**INSTRUCTIONS FOR THE TASK**
Output all entries exactly; images excluded.

**Text-to-region grounding data**
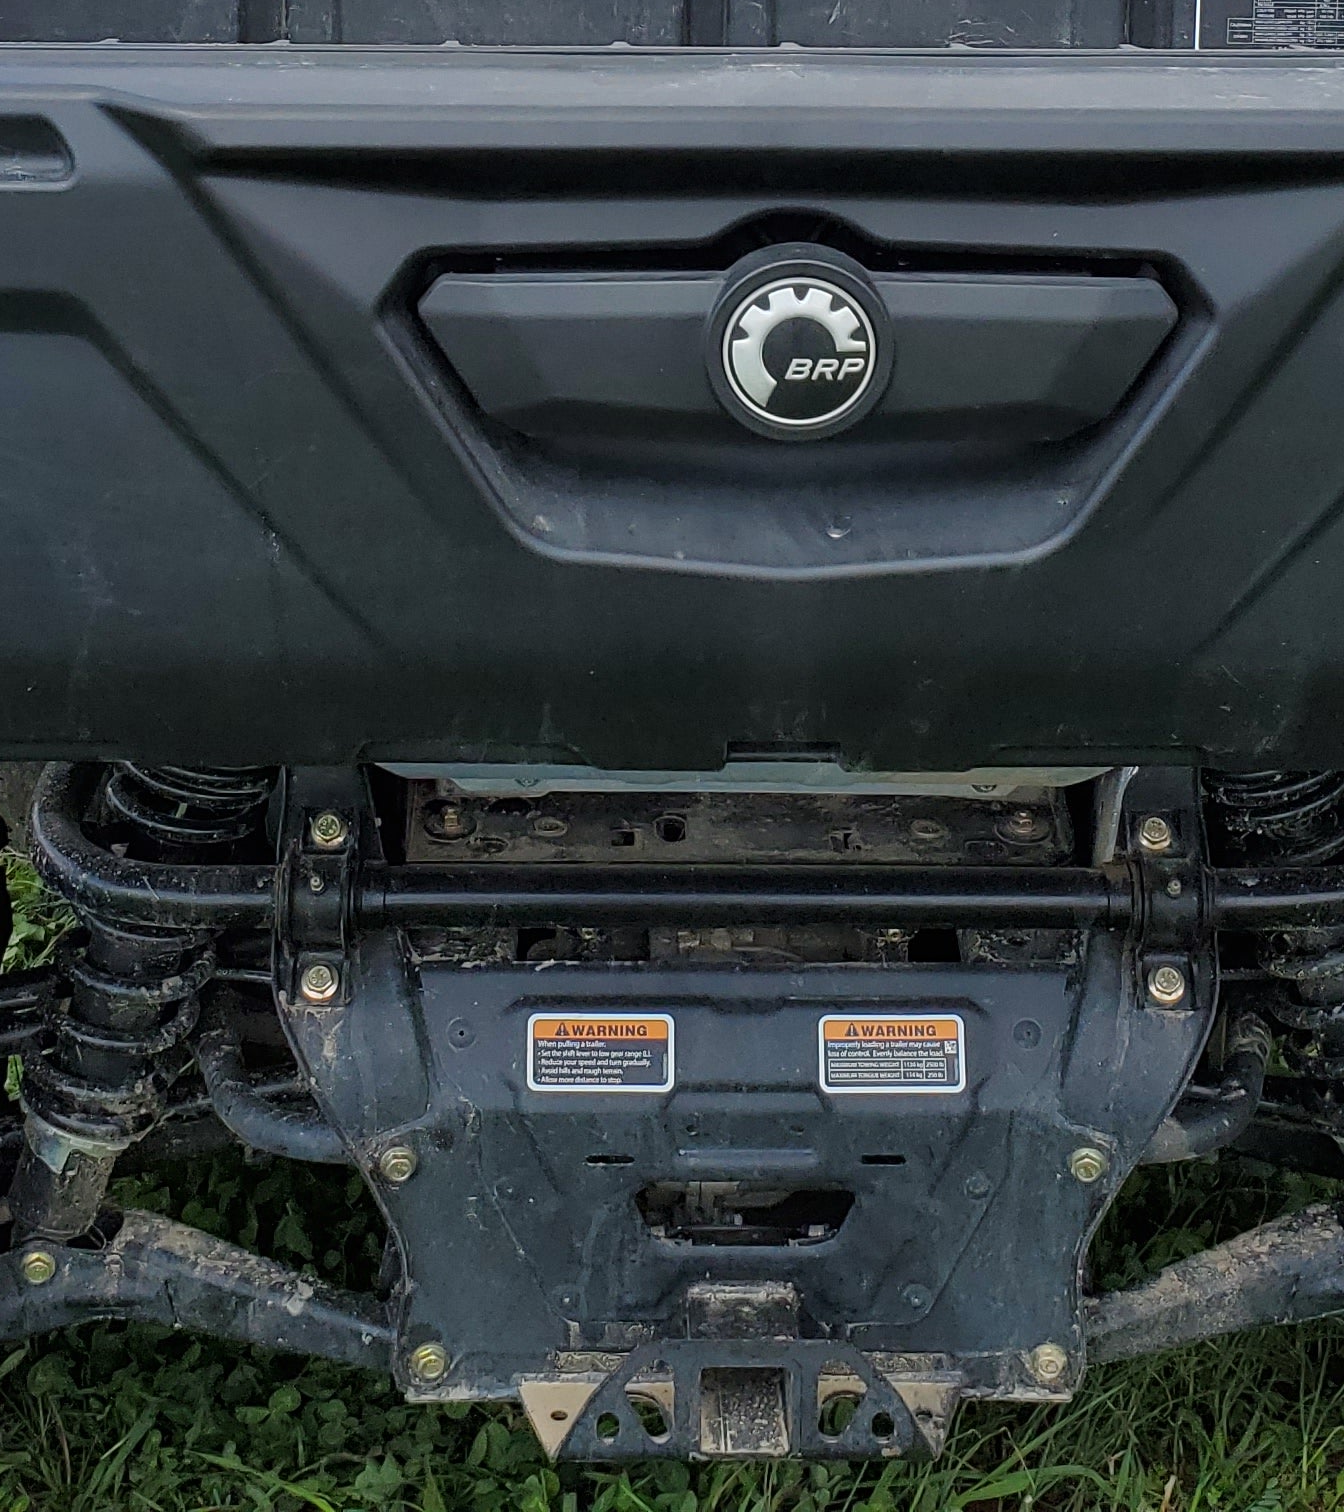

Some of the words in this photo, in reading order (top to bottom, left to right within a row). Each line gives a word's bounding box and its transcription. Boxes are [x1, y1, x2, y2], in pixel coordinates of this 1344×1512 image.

[784, 358, 865, 381] BRP
[572, 1024, 648, 1037] WARNING
[861, 1025, 937, 1037] WARNING
[537, 1040, 557, 1048] When
[551, 1049, 562, 1057] the
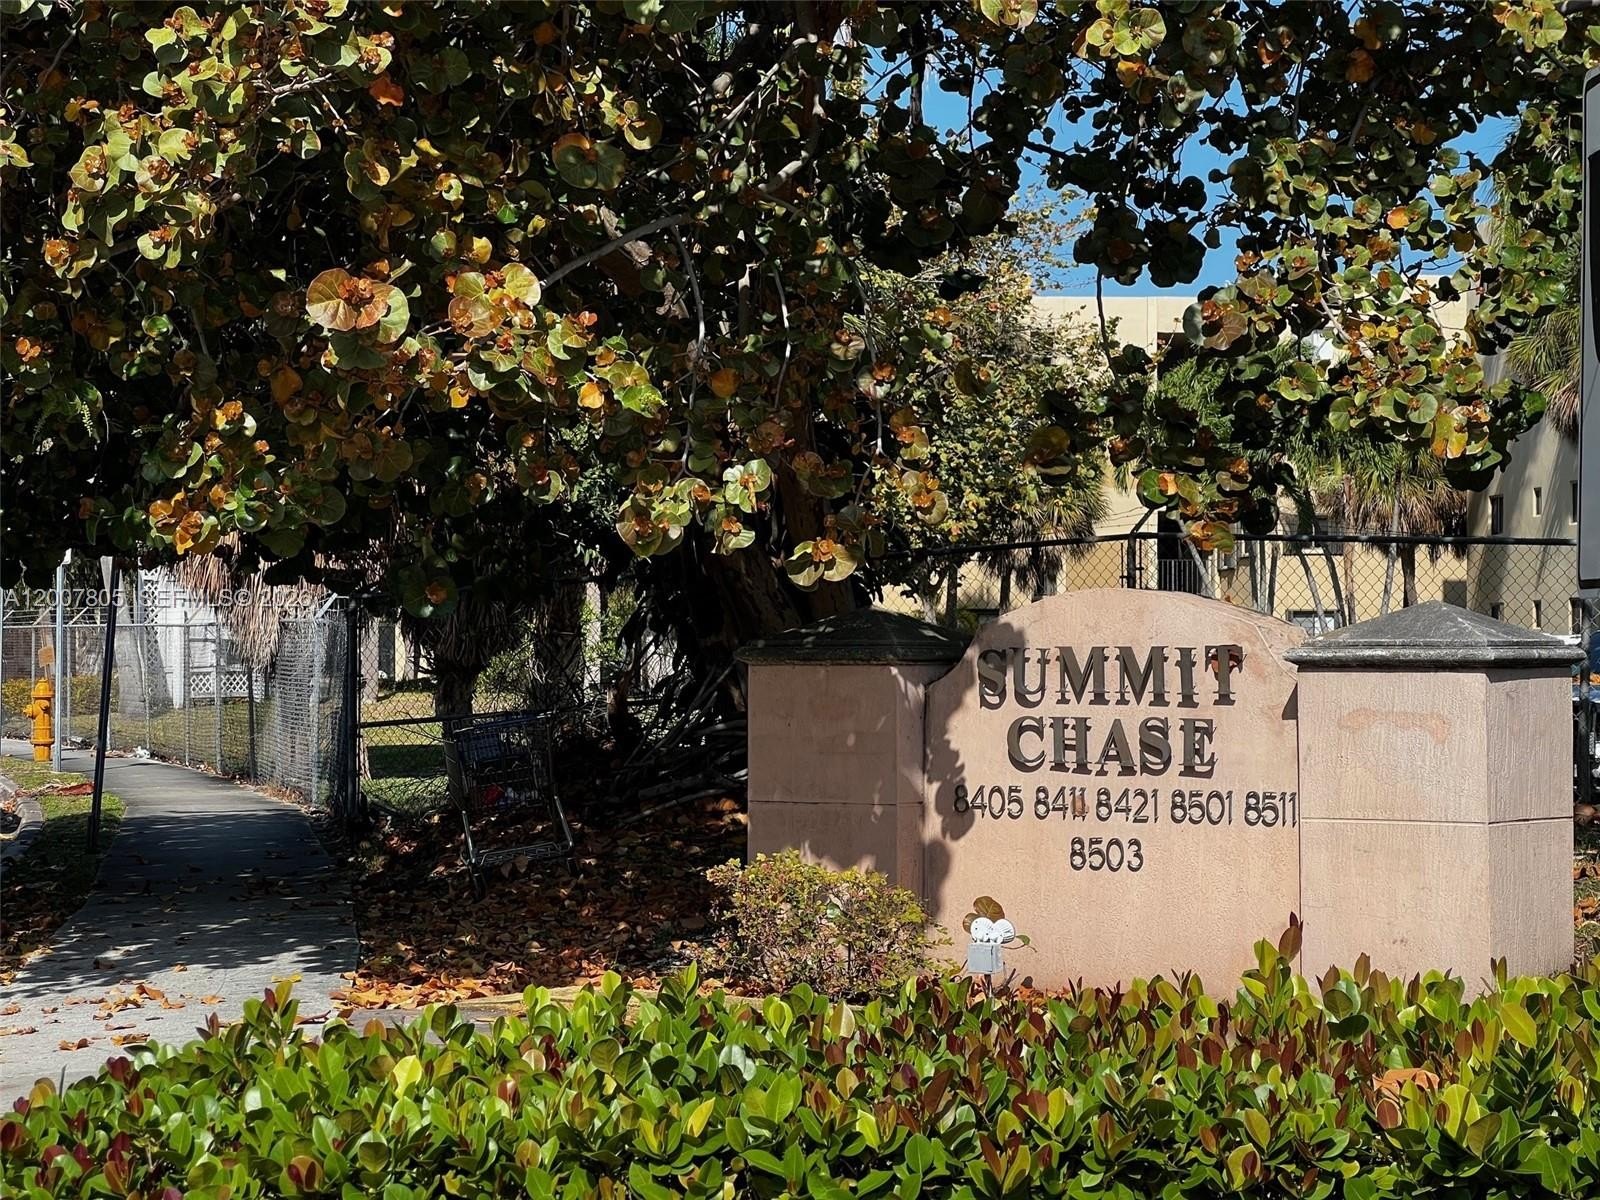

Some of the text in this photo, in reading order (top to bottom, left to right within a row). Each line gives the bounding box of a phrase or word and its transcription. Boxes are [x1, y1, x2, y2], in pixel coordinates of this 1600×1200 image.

[978, 645, 1243, 708] SUMMIT
[1006, 715, 1216, 778] CHASE
[953, 784, 1297, 828] 8405 8411 8421 8501 8511
[1070, 836, 1144, 873] 8503

**ANSWER FOR THE TASK**
Some of the words in this photo, in reading order (top to bottom, left to right within a row). Each line gives a word's bounding box and its transcription. Boxes are [x1, y1, x2, y2], in pixel coordinates of this 1344×1512 image.

[784, 358, 865, 381] BRP
[572, 1024, 648, 1037] WARNING
[861, 1025, 937, 1037] WARNING
[537, 1040, 557, 1048] When
[551, 1049, 562, 1057] the

Some of the text in this photo, in reading order (top to bottom, left to right within a row). Each line gives the bounding box of a phrase or word and its transcription. Boxes are [x1, y1, x2, y2], in pixel coordinates of this 1600×1200 image.

[978, 645, 1243, 708] SUMMIT
[1006, 715, 1216, 778] CHASE
[953, 784, 1297, 828] 8405 8411 8421 8501 8511
[1070, 836, 1144, 873] 8503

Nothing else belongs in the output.